TASK DETAILS —
Exactly the lines from the one that holds "this 1904×1428 image." to the end of the data below: retype these and nothing else.

MATERIAL FOR THIS EXERCISE —
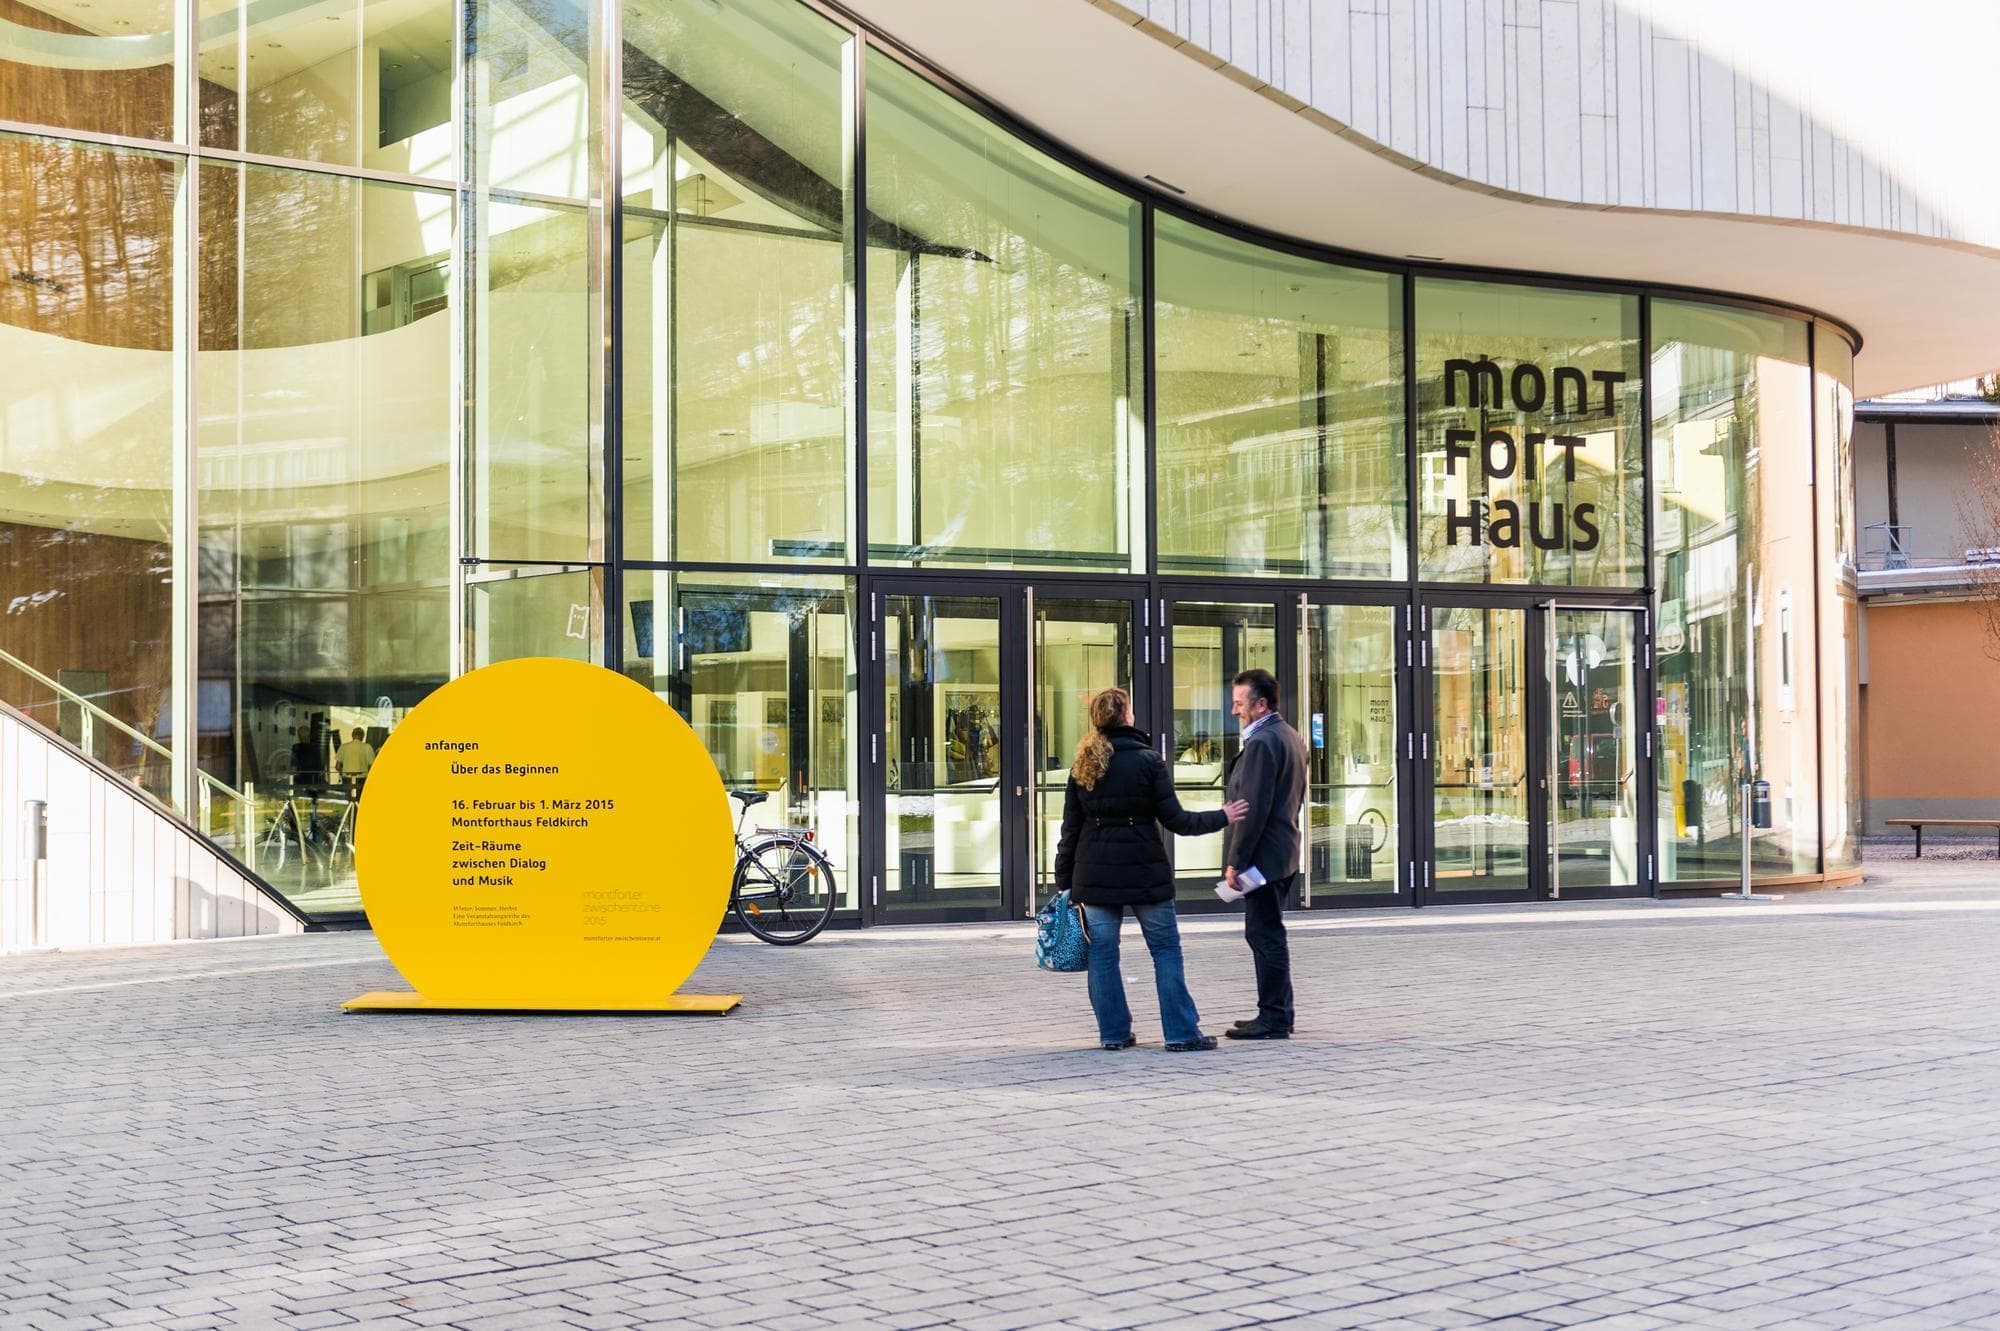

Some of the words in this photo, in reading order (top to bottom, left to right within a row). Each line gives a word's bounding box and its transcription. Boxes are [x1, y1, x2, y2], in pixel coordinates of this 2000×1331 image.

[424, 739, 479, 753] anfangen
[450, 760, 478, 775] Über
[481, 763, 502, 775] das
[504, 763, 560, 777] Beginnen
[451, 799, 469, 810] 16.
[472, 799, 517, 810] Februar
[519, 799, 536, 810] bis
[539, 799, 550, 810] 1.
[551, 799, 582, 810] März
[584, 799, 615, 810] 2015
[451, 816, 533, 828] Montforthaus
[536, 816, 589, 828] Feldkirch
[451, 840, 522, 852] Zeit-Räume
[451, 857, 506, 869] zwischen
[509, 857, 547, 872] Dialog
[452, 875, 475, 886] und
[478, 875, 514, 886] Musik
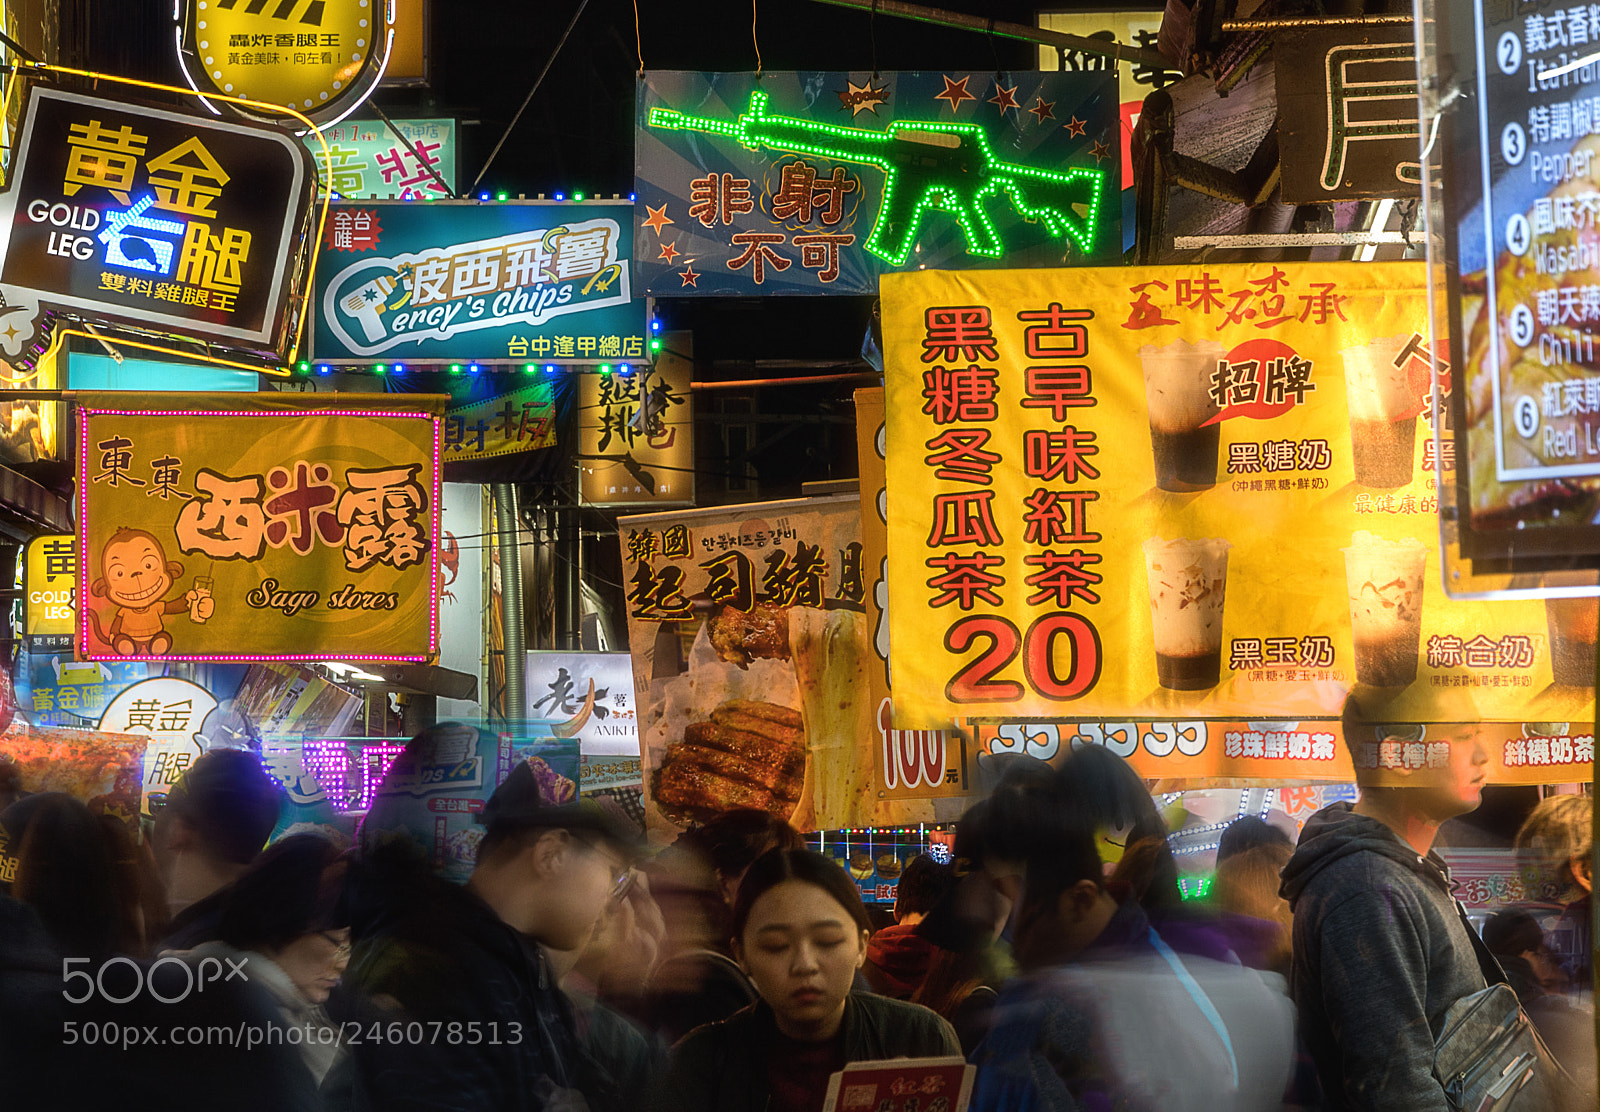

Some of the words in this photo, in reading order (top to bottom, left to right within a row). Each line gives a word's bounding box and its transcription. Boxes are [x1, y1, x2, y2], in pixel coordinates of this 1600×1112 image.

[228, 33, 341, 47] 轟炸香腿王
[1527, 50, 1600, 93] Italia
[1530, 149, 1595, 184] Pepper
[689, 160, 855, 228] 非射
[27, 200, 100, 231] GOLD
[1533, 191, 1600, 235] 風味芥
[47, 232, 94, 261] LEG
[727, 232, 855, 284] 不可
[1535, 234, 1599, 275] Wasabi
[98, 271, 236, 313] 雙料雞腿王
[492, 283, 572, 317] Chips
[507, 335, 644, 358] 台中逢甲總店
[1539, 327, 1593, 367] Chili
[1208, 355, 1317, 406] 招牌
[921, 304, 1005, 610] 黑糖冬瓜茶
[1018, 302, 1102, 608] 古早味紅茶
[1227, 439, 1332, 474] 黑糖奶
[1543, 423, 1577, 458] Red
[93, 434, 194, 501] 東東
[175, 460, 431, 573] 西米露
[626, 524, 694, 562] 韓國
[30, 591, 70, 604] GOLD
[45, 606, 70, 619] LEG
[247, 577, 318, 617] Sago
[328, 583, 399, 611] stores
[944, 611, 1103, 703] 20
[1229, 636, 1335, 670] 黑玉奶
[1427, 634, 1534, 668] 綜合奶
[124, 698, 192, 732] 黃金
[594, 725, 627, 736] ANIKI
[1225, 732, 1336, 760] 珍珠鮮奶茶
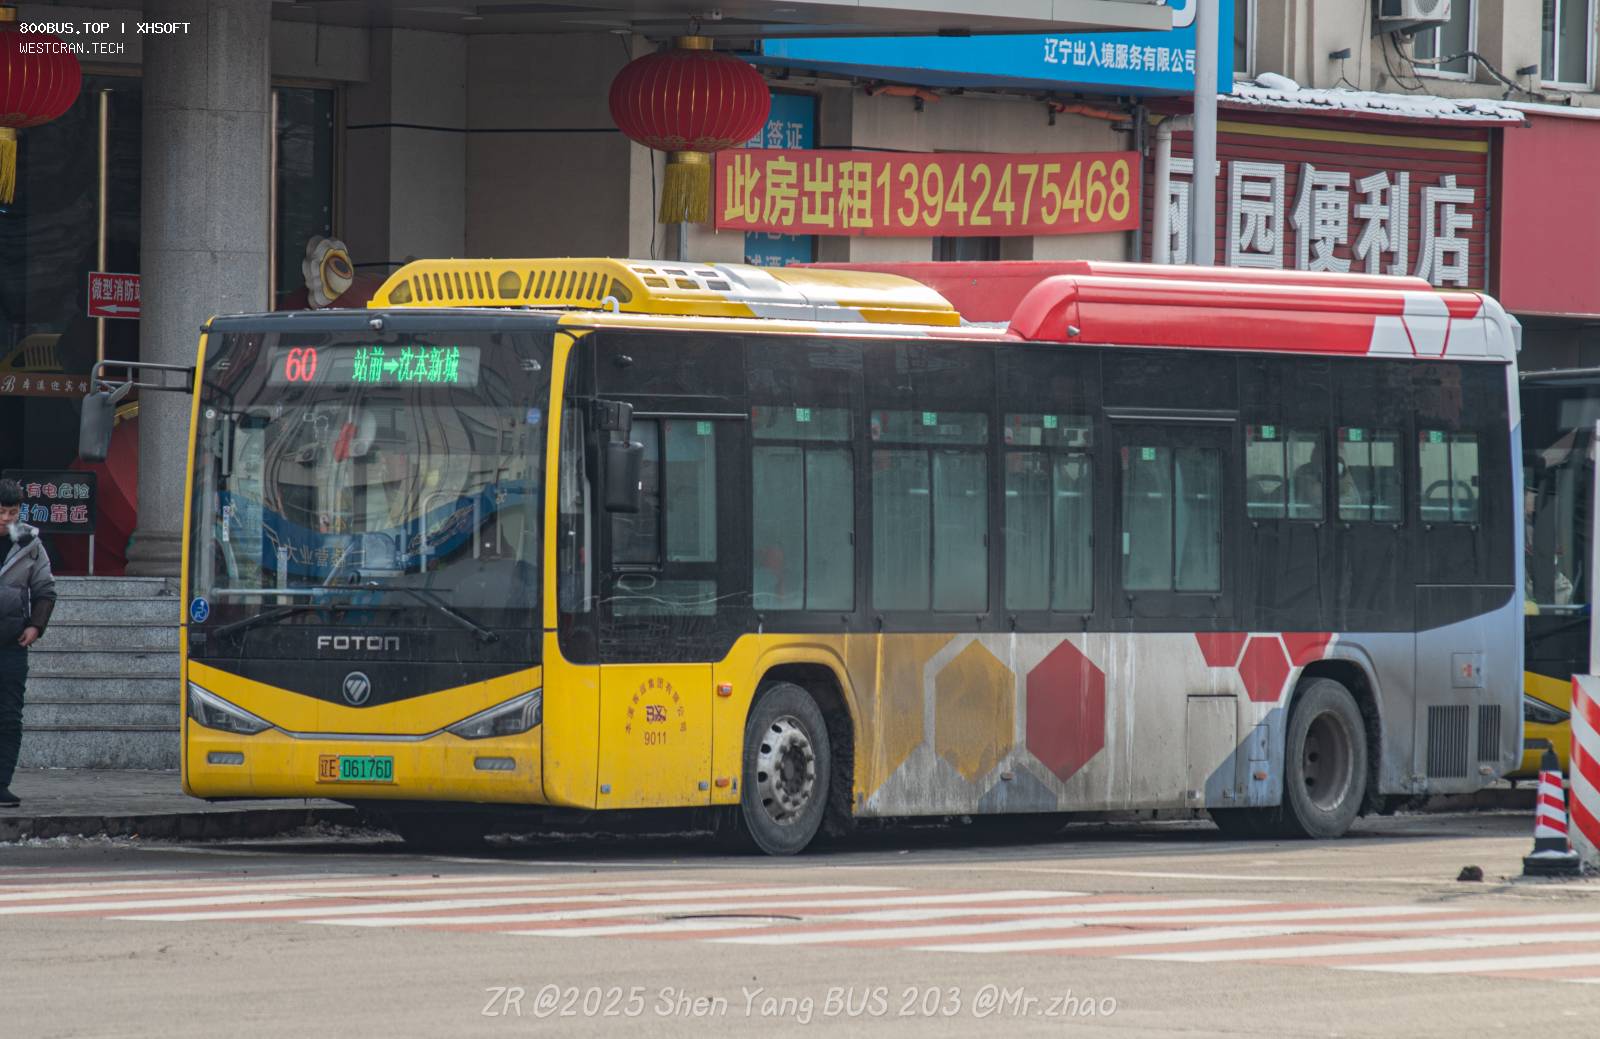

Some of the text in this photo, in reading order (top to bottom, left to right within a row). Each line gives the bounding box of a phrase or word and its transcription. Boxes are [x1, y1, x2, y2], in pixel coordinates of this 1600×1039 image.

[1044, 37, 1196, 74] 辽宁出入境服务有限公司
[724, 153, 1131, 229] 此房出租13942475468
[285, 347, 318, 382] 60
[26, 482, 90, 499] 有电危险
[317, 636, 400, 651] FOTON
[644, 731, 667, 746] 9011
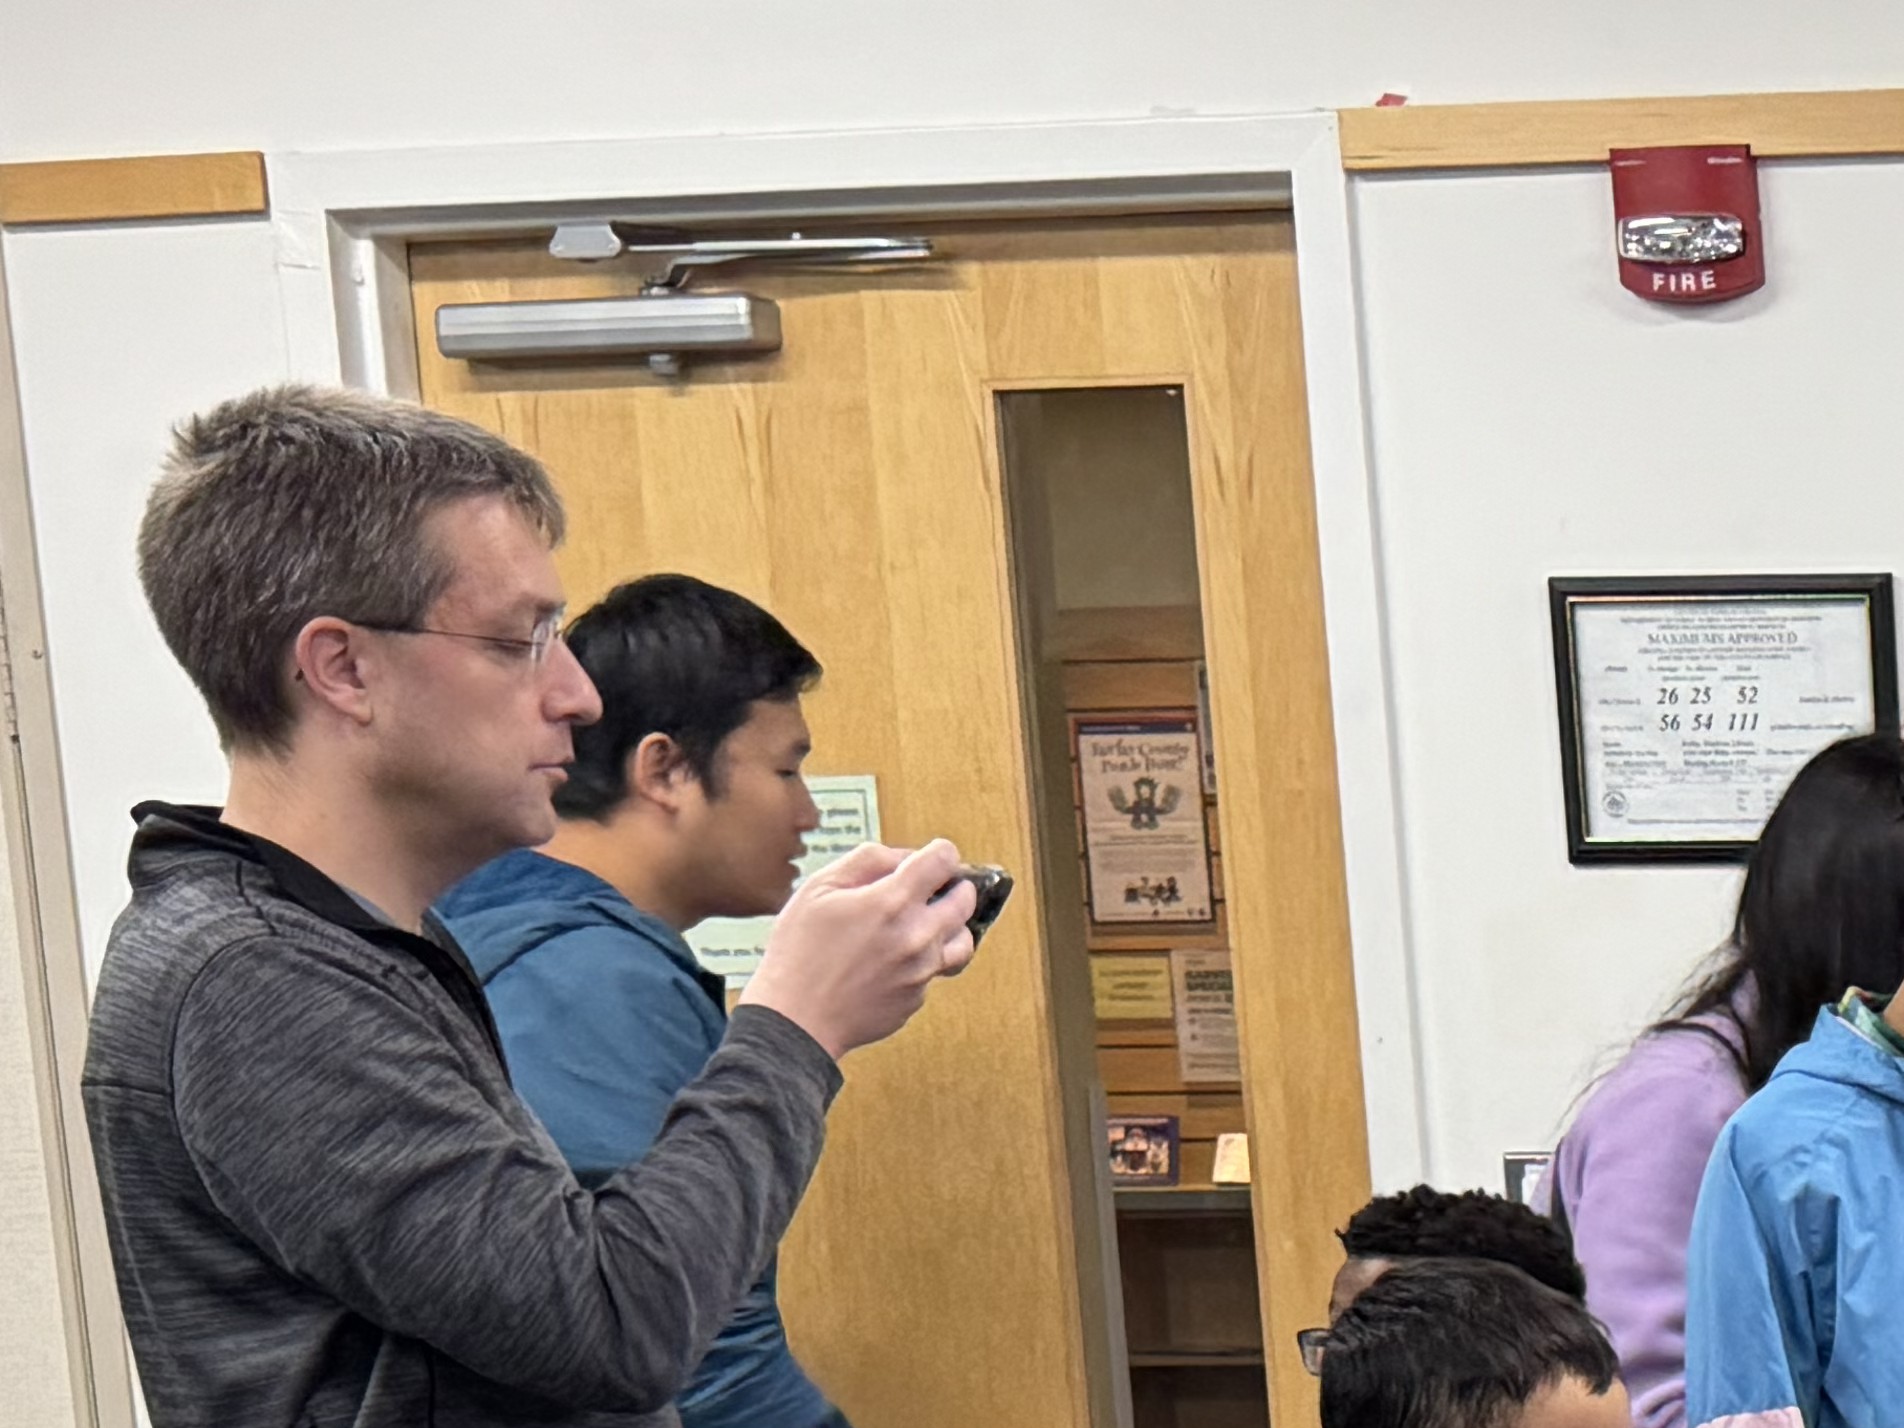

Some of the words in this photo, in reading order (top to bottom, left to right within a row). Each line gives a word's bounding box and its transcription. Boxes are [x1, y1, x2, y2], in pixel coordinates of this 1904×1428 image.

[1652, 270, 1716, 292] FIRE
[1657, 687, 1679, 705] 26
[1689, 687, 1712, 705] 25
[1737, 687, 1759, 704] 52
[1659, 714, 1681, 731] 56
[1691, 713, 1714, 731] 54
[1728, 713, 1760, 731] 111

ANSWER BELOW —
Some of the words in this photo, in reading order (top to bottom, left to right within a row). Each line gives a word's bounding box and its transcription. Boxes are [x1, y1, x2, y2], in pixel coordinates of this 1904×1428 image.

[1652, 270, 1716, 292] FIRE
[1657, 687, 1679, 705] 26
[1689, 687, 1712, 705] 25
[1737, 687, 1759, 704] 52
[1659, 714, 1681, 731] 56
[1691, 713, 1714, 731] 54
[1728, 713, 1760, 731] 111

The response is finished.